DATASET RECORDS Block Start
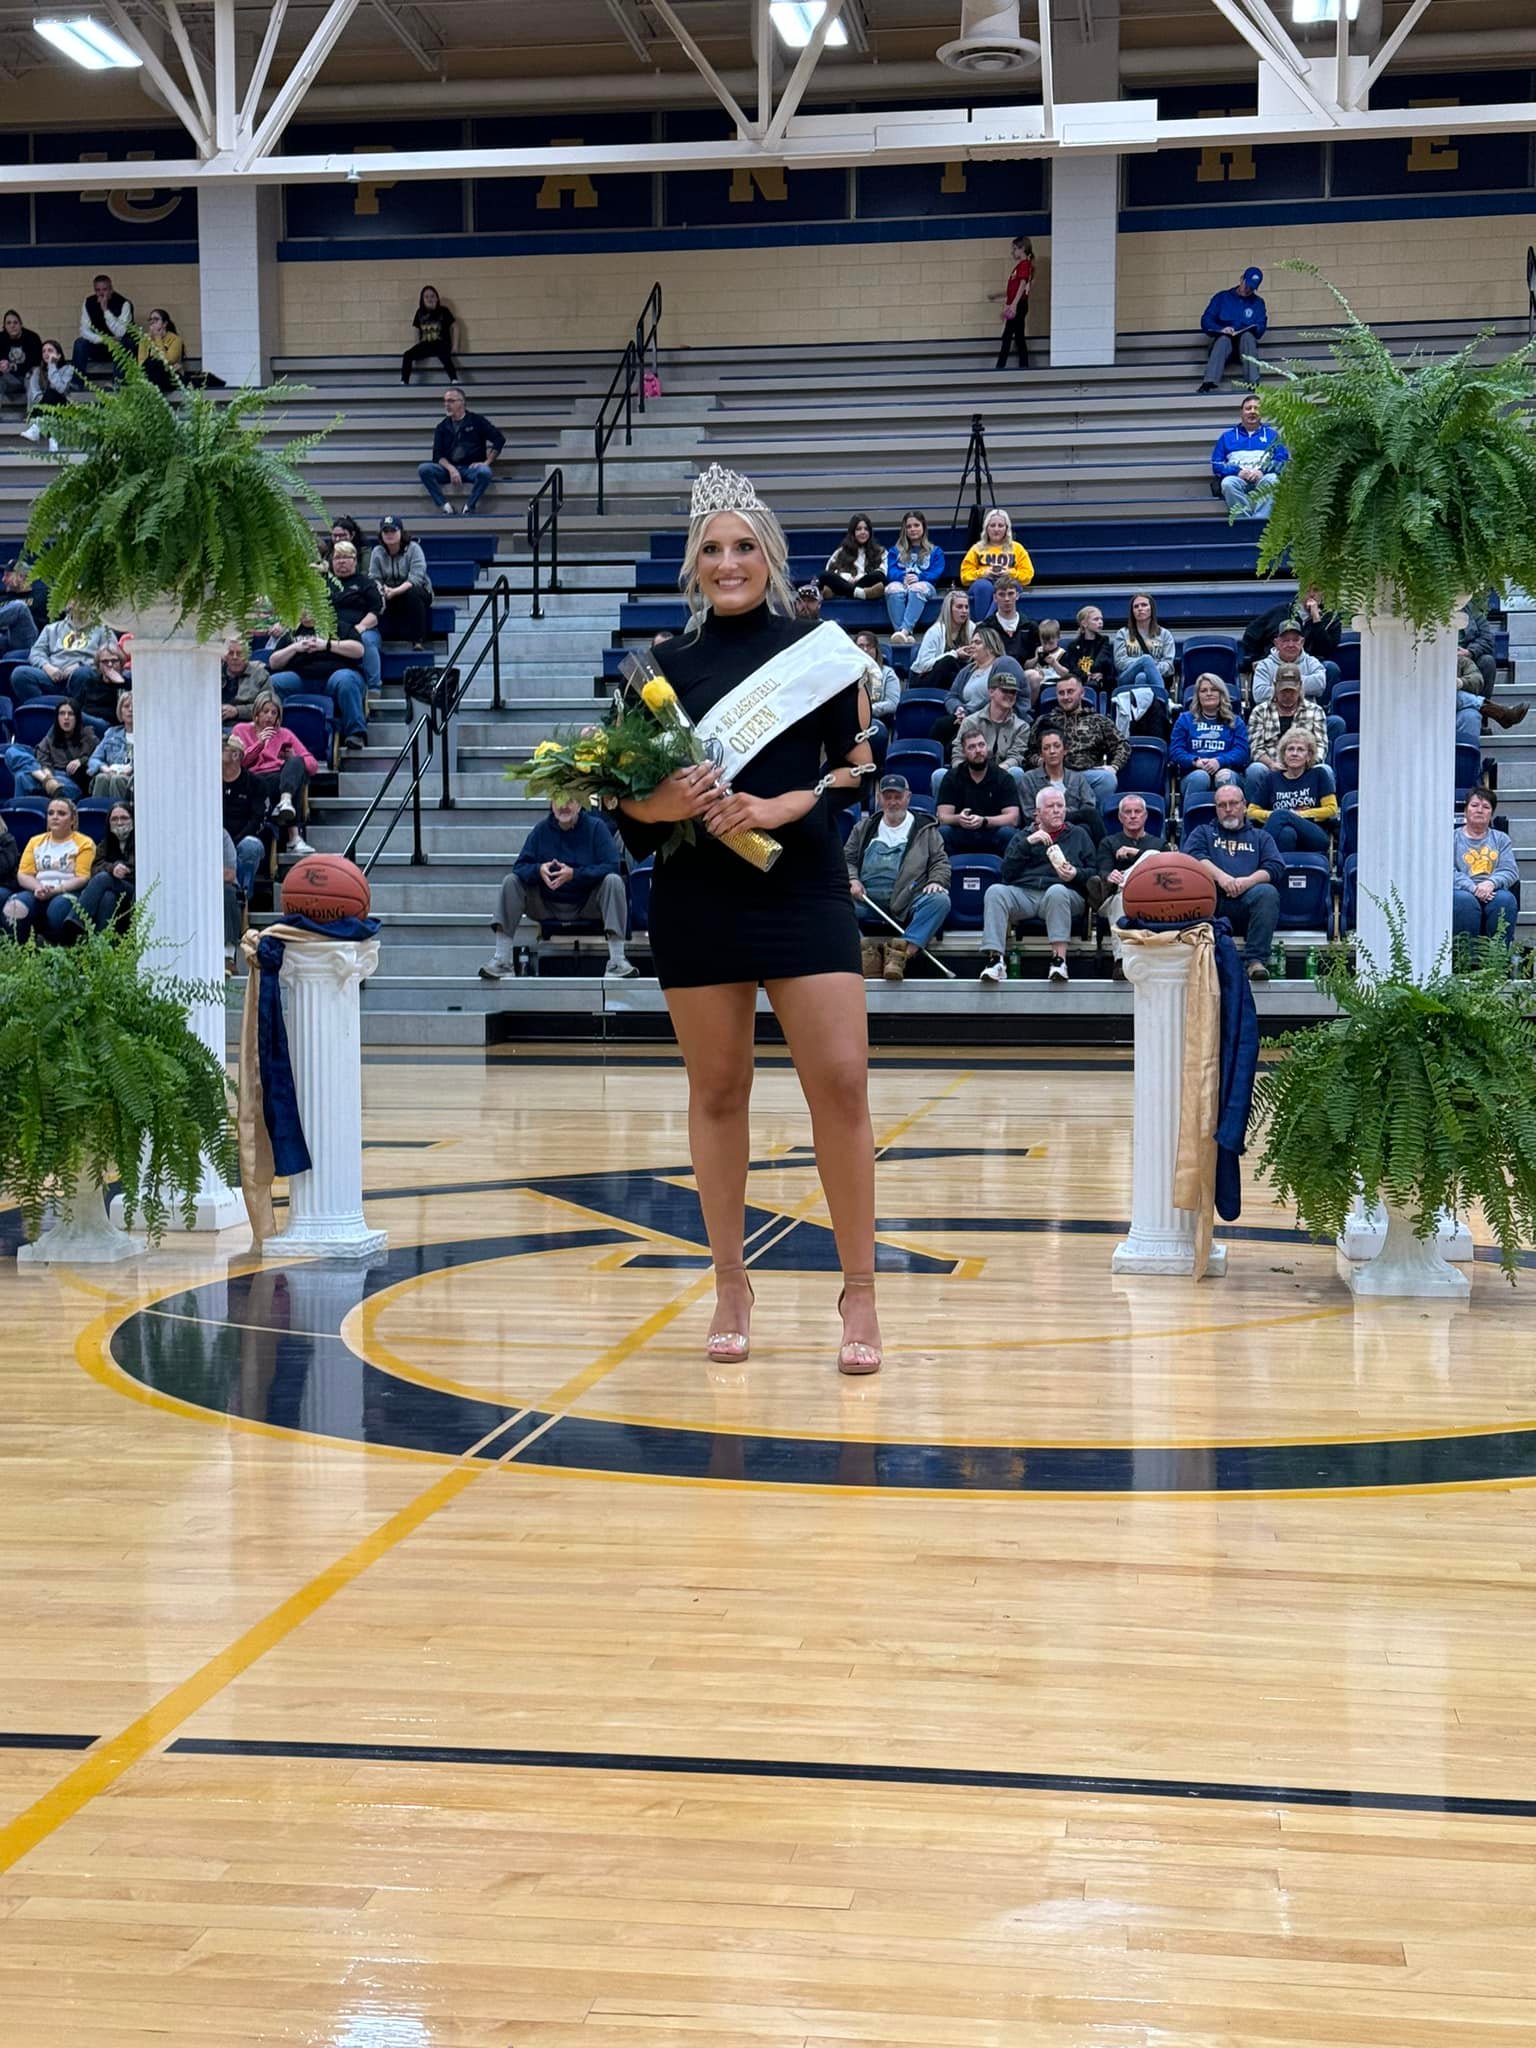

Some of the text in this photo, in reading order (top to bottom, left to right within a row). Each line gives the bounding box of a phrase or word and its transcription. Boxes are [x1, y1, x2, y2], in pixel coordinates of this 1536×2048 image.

[732, 678, 781, 719] BASKETBALL
[729, 704, 780, 754] QUEEN
[1196, 721, 1224, 731] BLUE
[1299, 787, 1311, 797] MY
DATASET RECORDS Block End
◆ WHAT YOU SHOULD DO: In the copy, include no pictures; otherwise transcribe the entries exactly.

◆ YOUR RESPONSE:
Some of the text in this photo, in reading order (top to bottom, left to right within a row). Each line gives the bounding box of a phrase or word and its transcription. Boxes are [x1, y1, x2, y2], in pixel coordinates of this 1536×2048 image.

[732, 678, 781, 719] BASKETBALL
[729, 704, 780, 754] QUEEN
[1196, 721, 1224, 731] BLUE
[1299, 787, 1311, 797] MY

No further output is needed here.